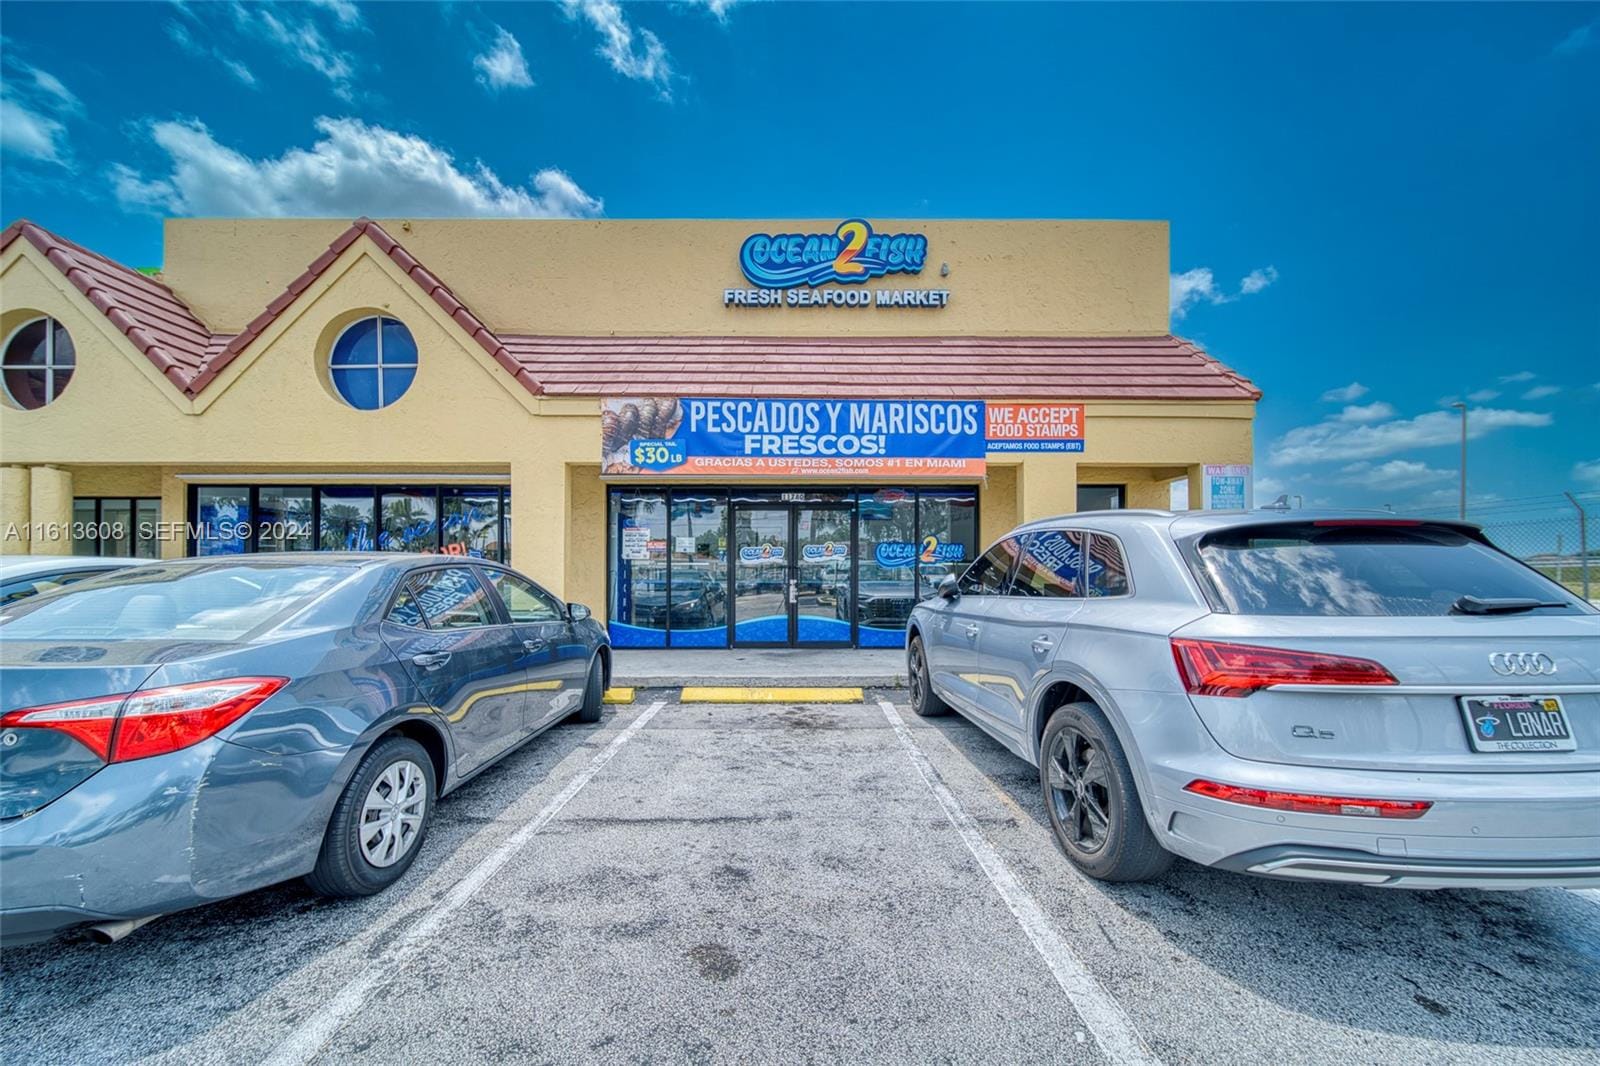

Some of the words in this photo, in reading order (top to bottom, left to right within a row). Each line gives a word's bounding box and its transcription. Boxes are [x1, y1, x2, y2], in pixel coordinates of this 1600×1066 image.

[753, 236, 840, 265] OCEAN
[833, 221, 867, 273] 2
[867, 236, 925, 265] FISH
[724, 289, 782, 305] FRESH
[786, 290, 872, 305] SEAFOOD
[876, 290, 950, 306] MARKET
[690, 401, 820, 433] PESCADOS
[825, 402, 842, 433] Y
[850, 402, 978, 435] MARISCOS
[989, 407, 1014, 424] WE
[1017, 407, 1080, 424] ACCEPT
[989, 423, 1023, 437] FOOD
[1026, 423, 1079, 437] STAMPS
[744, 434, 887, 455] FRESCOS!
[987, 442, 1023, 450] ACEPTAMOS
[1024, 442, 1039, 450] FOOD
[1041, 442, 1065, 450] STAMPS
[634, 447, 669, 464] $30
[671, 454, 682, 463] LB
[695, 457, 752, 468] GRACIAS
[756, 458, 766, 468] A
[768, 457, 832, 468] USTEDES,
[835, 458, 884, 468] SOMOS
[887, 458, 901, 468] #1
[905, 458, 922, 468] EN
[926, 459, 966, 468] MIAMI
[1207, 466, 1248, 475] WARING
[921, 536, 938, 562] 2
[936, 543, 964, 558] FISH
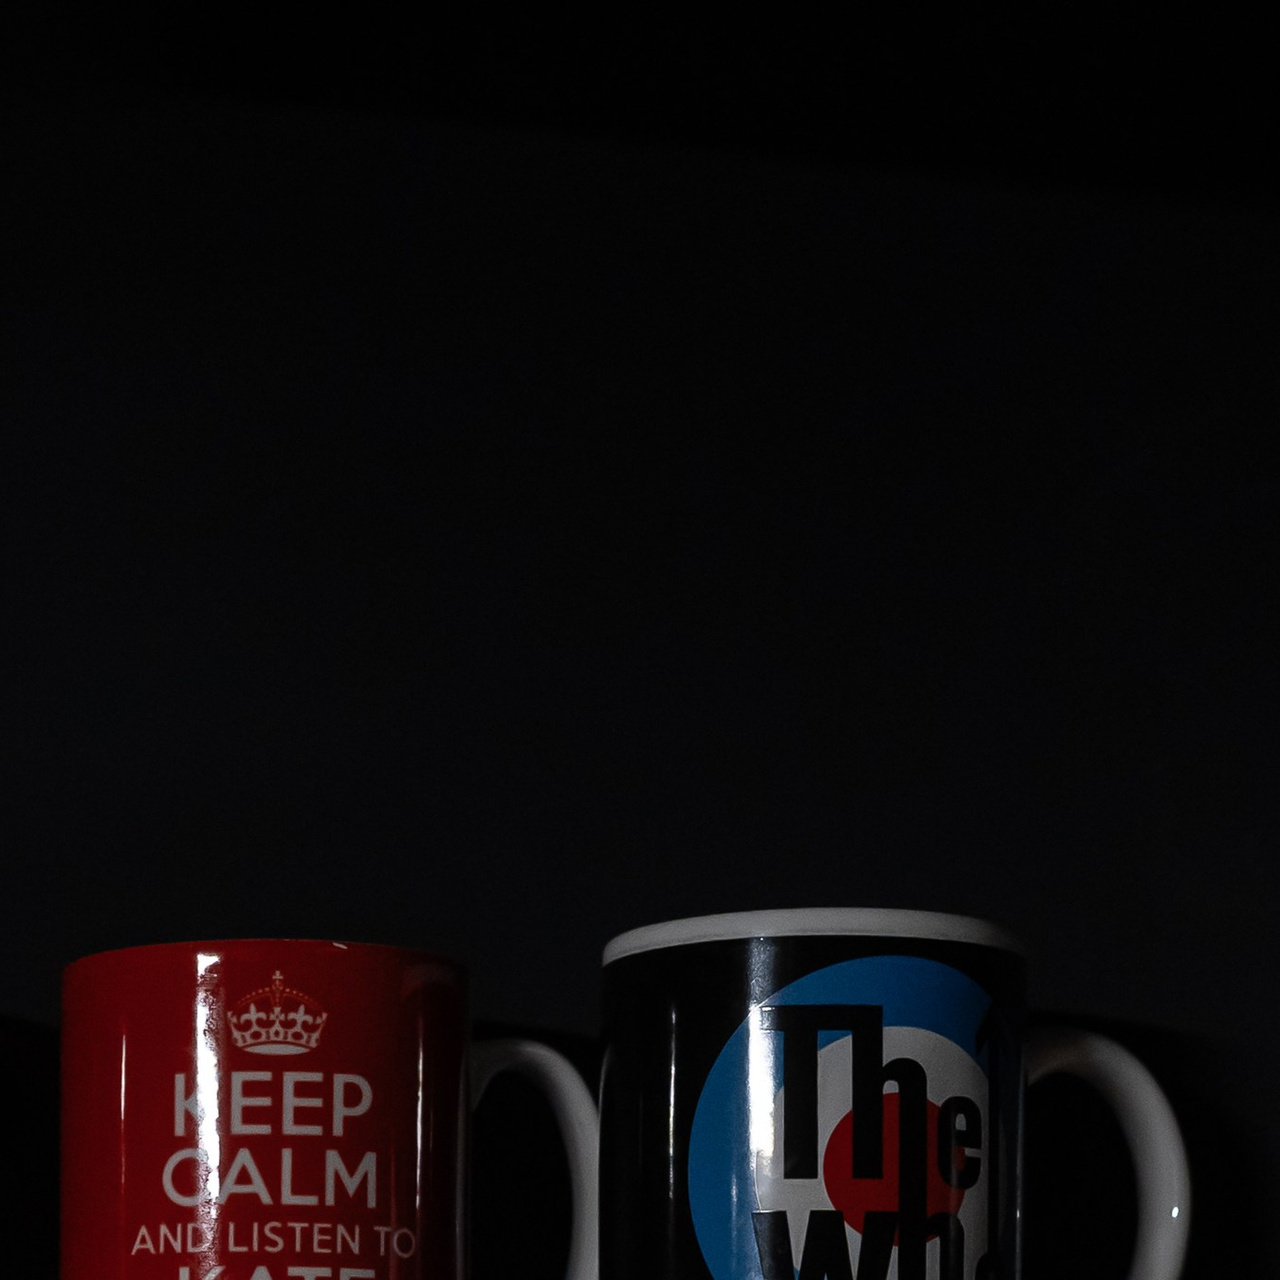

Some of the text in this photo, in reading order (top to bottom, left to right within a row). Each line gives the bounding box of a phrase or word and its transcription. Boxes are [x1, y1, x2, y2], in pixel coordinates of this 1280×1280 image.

> **Your goal**: Transcribe all the entries precisely. Do not include any picture.

> **Response to the exercise**:
Some of the words in this photo, in reading order (top to bottom, left to right within a row). Each line gives a word's bounding box and its transcription. Boxes are [x1, y1, x2, y2], in pixel coordinates of this 1600×1066 image.

[753, 236, 840, 265] OCEAN
[833, 221, 867, 273] 2
[867, 236, 925, 265] FISH
[724, 289, 782, 305] FRESH
[786, 290, 872, 305] SEAFOOD
[876, 290, 950, 306] MARKET
[690, 401, 820, 433] PESCADOS
[825, 402, 842, 433] Y
[850, 402, 978, 435] MARISCOS
[989, 407, 1014, 424] WE
[1017, 407, 1080, 424] ACCEPT
[989, 423, 1023, 437] FOOD
[1026, 423, 1079, 437] STAMPS
[744, 434, 887, 455] FRESCOS!
[987, 442, 1023, 450] ACEPTAMOS
[1024, 442, 1039, 450] FOOD
[1041, 442, 1065, 450] STAMPS
[634, 447, 669, 464] $30
[671, 454, 682, 463] LB
[695, 457, 752, 468] GRACIAS
[756, 458, 766, 468] A
[768, 457, 832, 468] USTEDES,
[835, 458, 884, 468] SOMOS
[887, 458, 901, 468] #1
[905, 458, 922, 468] EN
[926, 459, 966, 468] MIAMI
[1207, 466, 1248, 475] WARING
[921, 536, 938, 562] 2
[936, 543, 964, 558] FISH

Some of the text in this photo, in reading order (top to bottom, left to right within a row). Each line gives the bounding box of a phrase or word and its transcription. Boxes are [x1, y1, x2, y2], in pixel coordinates of this 1280×1280 image.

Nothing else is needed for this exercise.